Task details
Reproduce, exactly and in full, the records that follow, minus any pictures.

(Material to process begins)

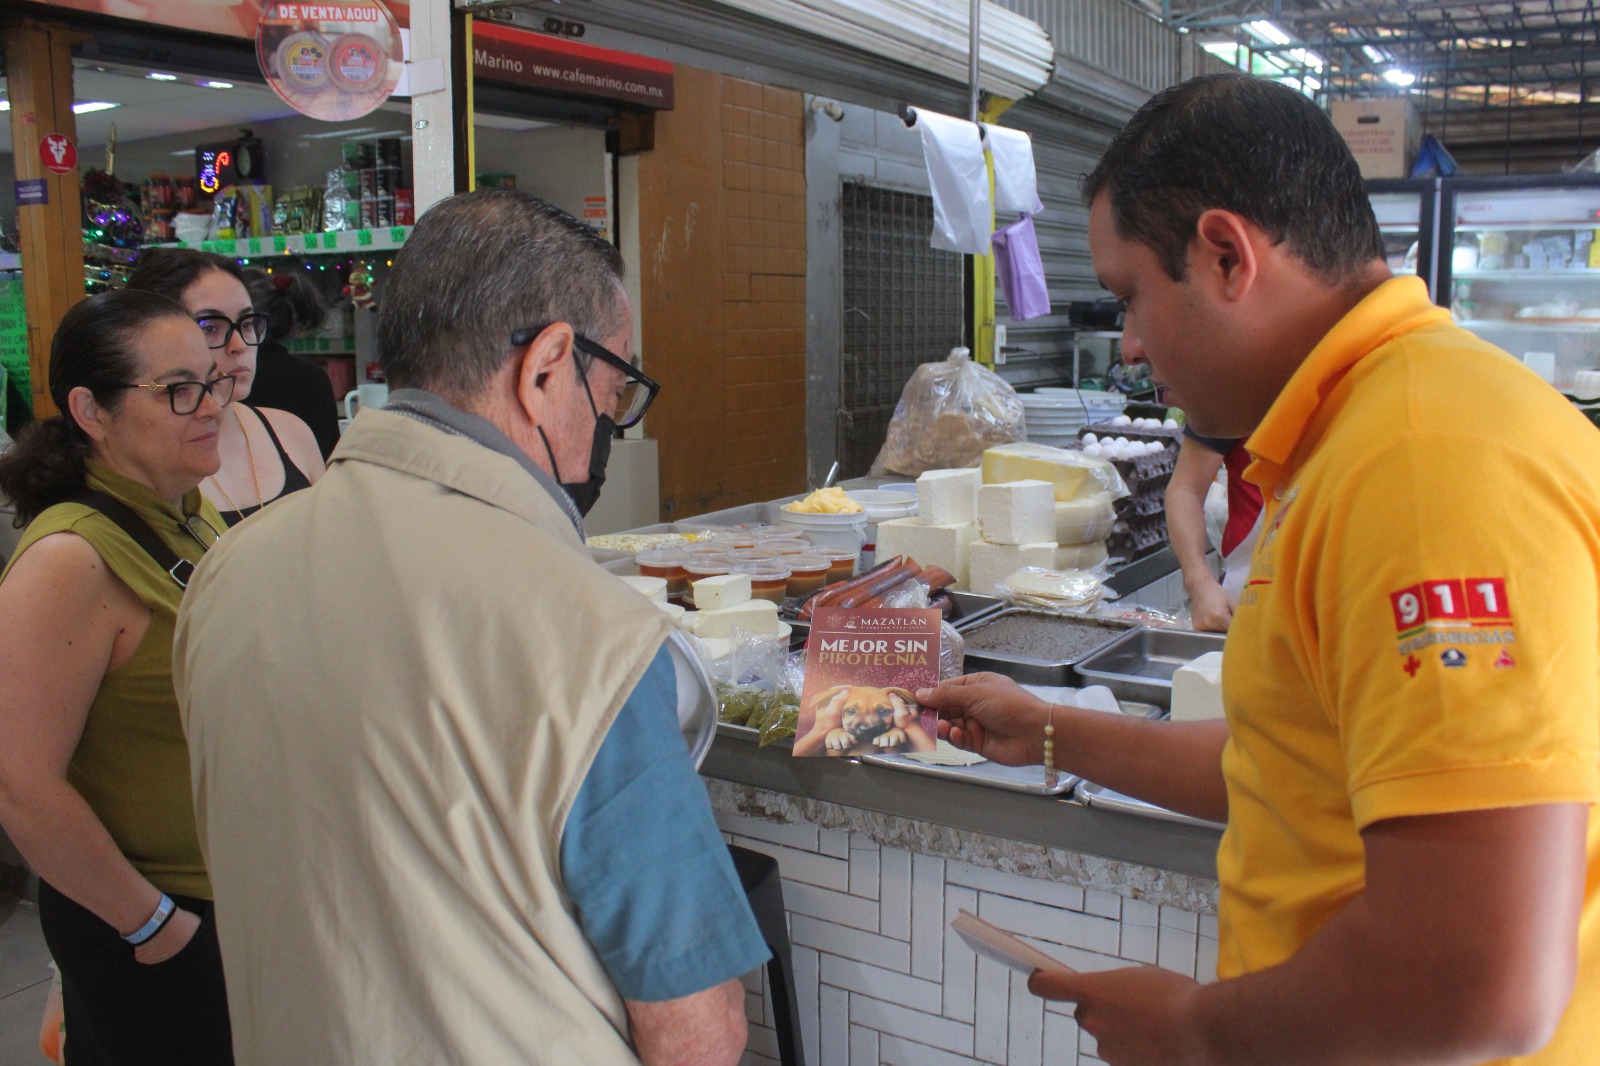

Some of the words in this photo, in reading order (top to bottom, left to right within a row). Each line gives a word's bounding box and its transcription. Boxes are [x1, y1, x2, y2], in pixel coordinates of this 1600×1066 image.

[279, 5, 298, 19] DE
[301, 6, 343, 20] VENTA
[346, 7, 377, 21] AQUI
[474, 48, 523, 73] Marino
[533, 63, 664, 98] www.cafemarino.com.mx
[1397, 582, 1498, 624] 911
[861, 616, 927, 626] MAZATLÁN
[820, 638, 888, 653] MEJOR
[894, 639, 928, 653] SIN
[818, 652, 928, 666] PIROTECNIA

(Material to process ends)

Task response
Some of the words in this photo, in reading order (top to bottom, left to right within a row). Each line gives a word's bounding box and its transcription. Boxes are [x1, y1, x2, y2], in pixel coordinates of this 1600×1066 image.

[279, 5, 298, 19] DE
[301, 6, 343, 20] VENTA
[346, 7, 377, 21] AQUI
[474, 48, 523, 73] Marino
[533, 63, 664, 98] www.cafemarino.com.mx
[1397, 582, 1498, 624] 911
[861, 616, 927, 626] MAZATLÁN
[820, 638, 888, 653] MEJOR
[894, 639, 928, 653] SIN
[818, 652, 928, 666] PIROTECNIA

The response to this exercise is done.